*INPUT:*
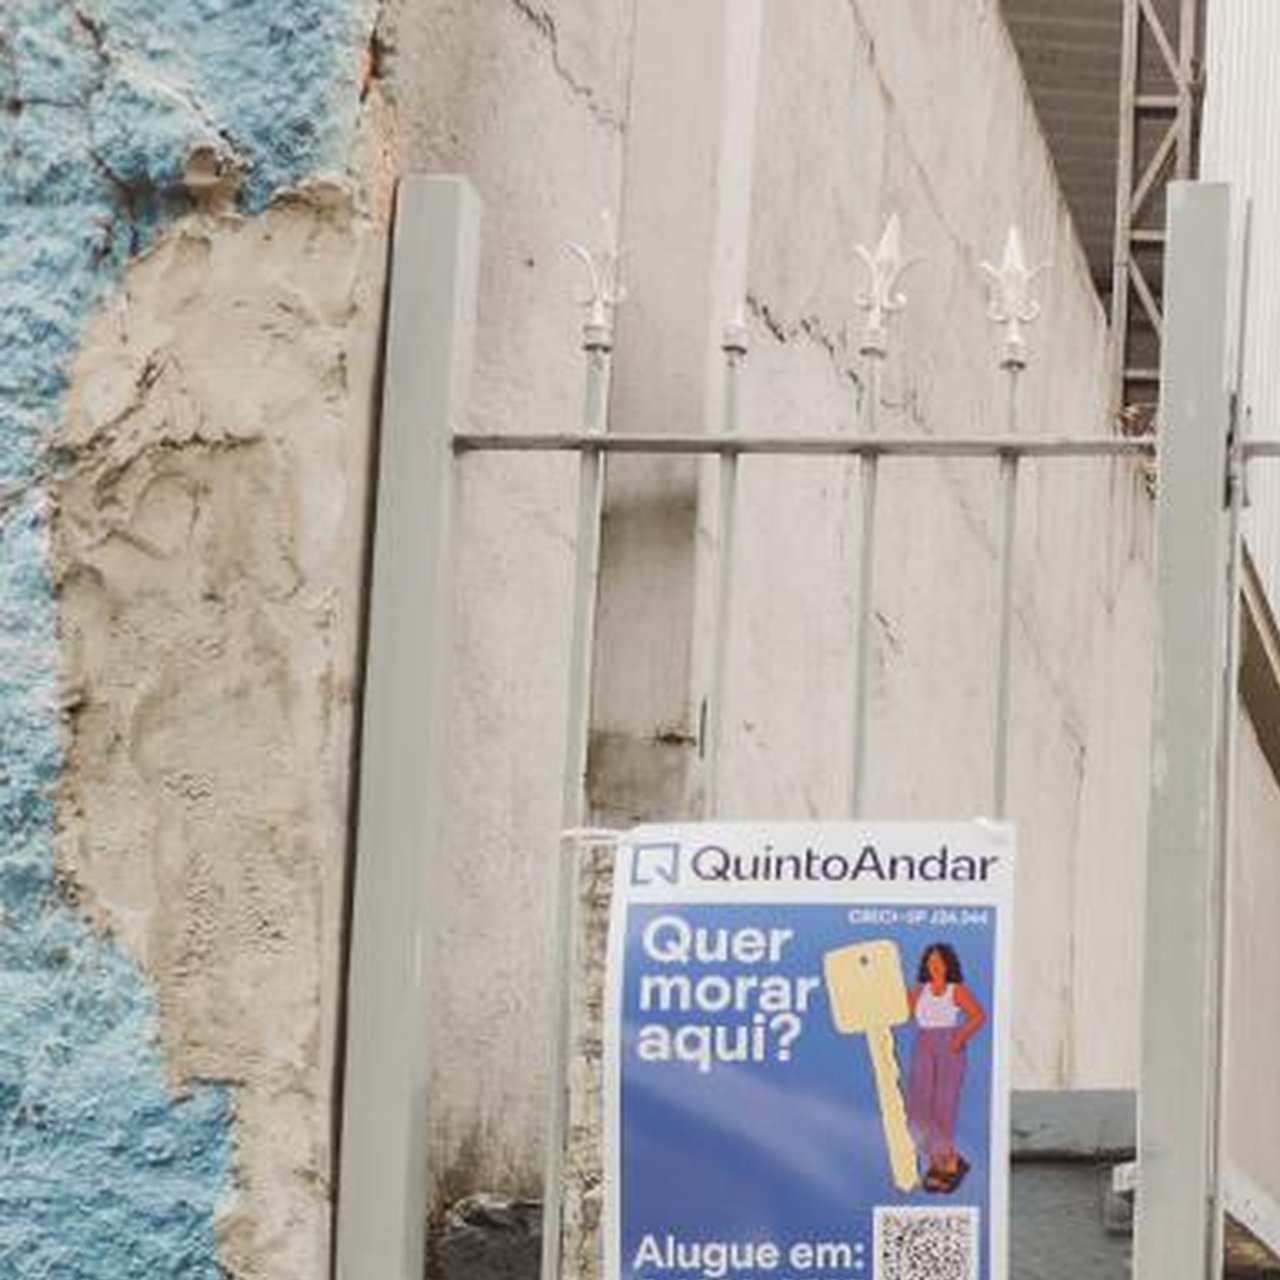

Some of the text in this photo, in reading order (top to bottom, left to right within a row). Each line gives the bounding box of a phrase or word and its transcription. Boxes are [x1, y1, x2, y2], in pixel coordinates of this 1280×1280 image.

[691, 845, 999, 882] QuintoAndar
[642, 915, 794, 963] Quer
[639, 975, 821, 1012] morar
[638, 1012, 801, 1072] aqui?
[633, 1234, 865, 1278] Alugue em:
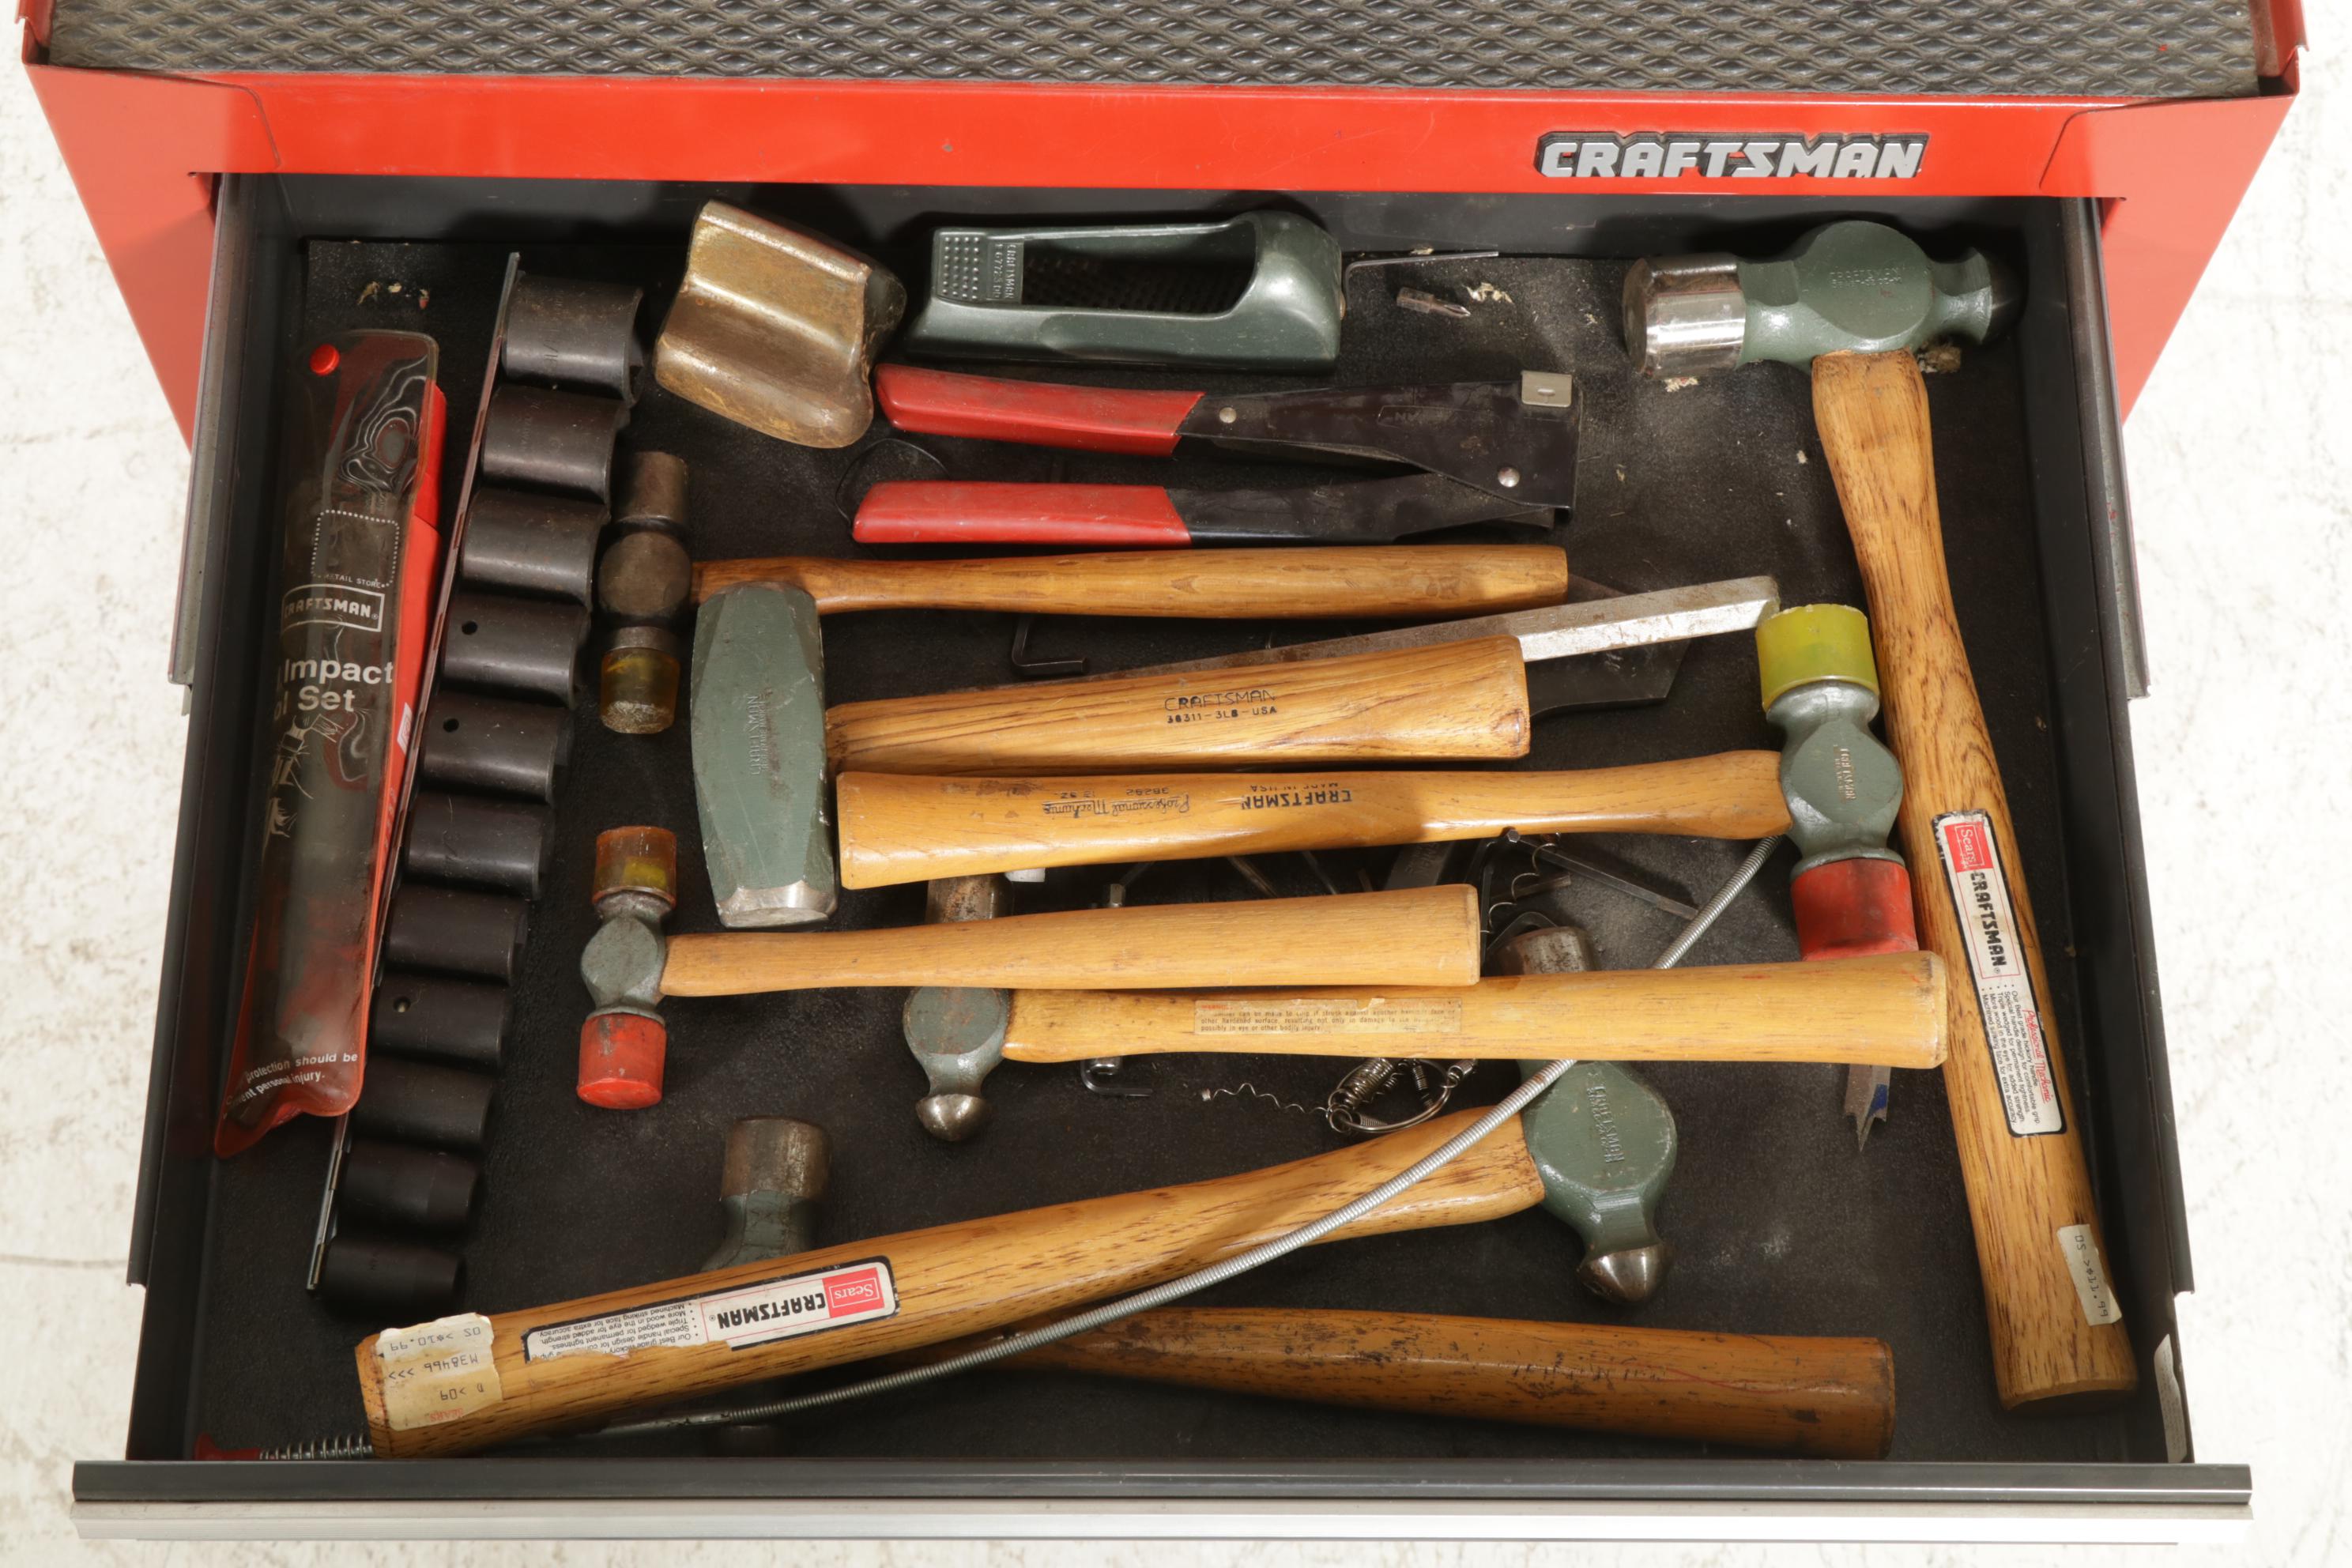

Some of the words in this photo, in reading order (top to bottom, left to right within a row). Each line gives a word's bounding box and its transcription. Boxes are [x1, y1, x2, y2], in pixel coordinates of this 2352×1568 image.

[1539, 141, 1924, 178] CRAFTSMAN
[285, 597, 371, 619] CRAFTSMAN
[284, 658, 394, 684] Impact
[297, 684, 356, 713] Set
[1164, 689, 1277, 712] CRAFTSMAN
[1110, 793, 1189, 817] Professional
[1240, 789, 1351, 810] CRAFTSMAN
[1042, 798, 1110, 821] Mechanic
[1959, 827, 1981, 864] Sears
[1988, 992, 1999, 1010] More
[1996, 992, 2007, 1010] Triple
[2003, 989, 2015, 1014] Special
[2011, 989, 2020, 1003] Our
[1993, 1011, 2003, 1029] wood
[2014, 1003, 2024, 1019] Best
[2000, 1010, 2013, 1037] wedged
[2009, 1015, 2021, 1037] handle
[2017, 1020, 2027, 1038] grade
[1981, 993, 1995, 1025] Machined
[1995, 1050, 2003, 1065] face
[2000, 1076, 2010, 1093] extra
[2000, 1037, 2008, 1049] the
[2014, 1038, 2026, 1061] design
[2022, 1039, 2034, 1063] hickory
[295, 1053, 337, 1067] should
[343, 1053, 358, 1062] be
[2001, 1050, 2011, 1062] eye
[2022, 1007, 2046, 1060] Professional
[2034, 1060, 2056, 1103] Mechanic
[2009, 1047, 2024, 1083] permanent
[292, 1070, 326, 1085] injury.
[2008, 1073, 2018, 1094] added
[2022, 1071, 2037, 1110] comfortable
[833, 1283, 874, 1302] Sears
[622, 1310, 648, 1321] striking
[646, 1314, 665, 1322] wood
[650, 1303, 684, 1315] Machined
[667, 1310, 685, 1318] More
[715, 1292, 827, 1329] CRAFTSMAN
[637, 1321, 665, 1332] wedged
[662, 1324, 689, 1335] Special
[667, 1317, 688, 1326] Triple
[537, 1325, 571, 1337] accuracy.
[572, 1329, 594, 1338] added
[585, 1329, 624, 1343] permanent
[611, 1335, 635, 1345] design
[637, 1330, 662, 1340] handle
[677, 1332, 691, 1341] Our
[658, 1336, 676, 1345] Best

*WHAT THIS TASK INVOLVES:* Verbatim output of the entries is required, with each image left out.

*SOLUTION FOR THIS PROBLEM:*
Some of the text in this photo, in reading order (top to bottom, left to right within a row). Each line gives the bounding box of a phrase or word and its transcription. Boxes are [x1, y1, x2, y2], in pixel coordinates of this 1280×1280 image.

[691, 845, 999, 882] QuintoAndar
[642, 915, 794, 963] Quer
[639, 975, 821, 1012] morar
[638, 1012, 801, 1072] aqui?
[633, 1234, 865, 1278] Alugue em:

Some of the words in this photo, in reading order (top to bottom, left to right within a row). Each line gives a word's bounding box and its transcription. Boxes are [x1, y1, x2, y2], in pixel coordinates of this 2352×1568 image.

[1539, 141, 1924, 178] CRAFTSMAN
[285, 597, 371, 619] CRAFTSMAN
[284, 658, 394, 684] Impact
[297, 684, 356, 713] Set
[1164, 689, 1277, 712] CRAFTSMAN
[1110, 793, 1189, 817] Professional
[1240, 789, 1351, 810] CRAFTSMAN
[1042, 798, 1110, 821] Mechanic
[1959, 827, 1981, 864] Sears
[1988, 992, 1999, 1010] More
[1996, 992, 2007, 1010] Triple
[2003, 989, 2015, 1014] Special
[2011, 989, 2020, 1003] Our
[1993, 1011, 2003, 1029] wood
[2014, 1003, 2024, 1019] Best
[2000, 1010, 2013, 1037] wedged
[2009, 1015, 2021, 1037] handle
[2017, 1020, 2027, 1038] grade
[1981, 993, 1995, 1025] Machined
[1995, 1050, 2003, 1065] face
[2000, 1076, 2010, 1093] extra
[2000, 1037, 2008, 1049] the
[2014, 1038, 2026, 1061] design
[2022, 1039, 2034, 1063] hickory
[295, 1053, 337, 1067] should
[343, 1053, 358, 1062] be
[2001, 1050, 2011, 1062] eye
[2022, 1007, 2046, 1060] Professional
[2034, 1060, 2056, 1103] Mechanic
[2009, 1047, 2024, 1083] permanent
[292, 1070, 326, 1085] injury.
[2008, 1073, 2018, 1094] added
[2022, 1071, 2037, 1110] comfortable
[833, 1283, 874, 1302] Sears
[622, 1310, 648, 1321] striking
[646, 1314, 665, 1322] wood
[650, 1303, 684, 1315] Machined
[667, 1310, 685, 1318] More
[715, 1292, 827, 1329] CRAFTSMAN
[637, 1321, 665, 1332] wedged
[662, 1324, 689, 1335] Special
[667, 1317, 688, 1326] Triple
[537, 1325, 571, 1337] accuracy.
[572, 1329, 594, 1338] added
[585, 1329, 624, 1343] permanent
[611, 1335, 635, 1345] design
[637, 1330, 662, 1340] handle
[677, 1332, 691, 1341] Our
[658, 1336, 676, 1345] Best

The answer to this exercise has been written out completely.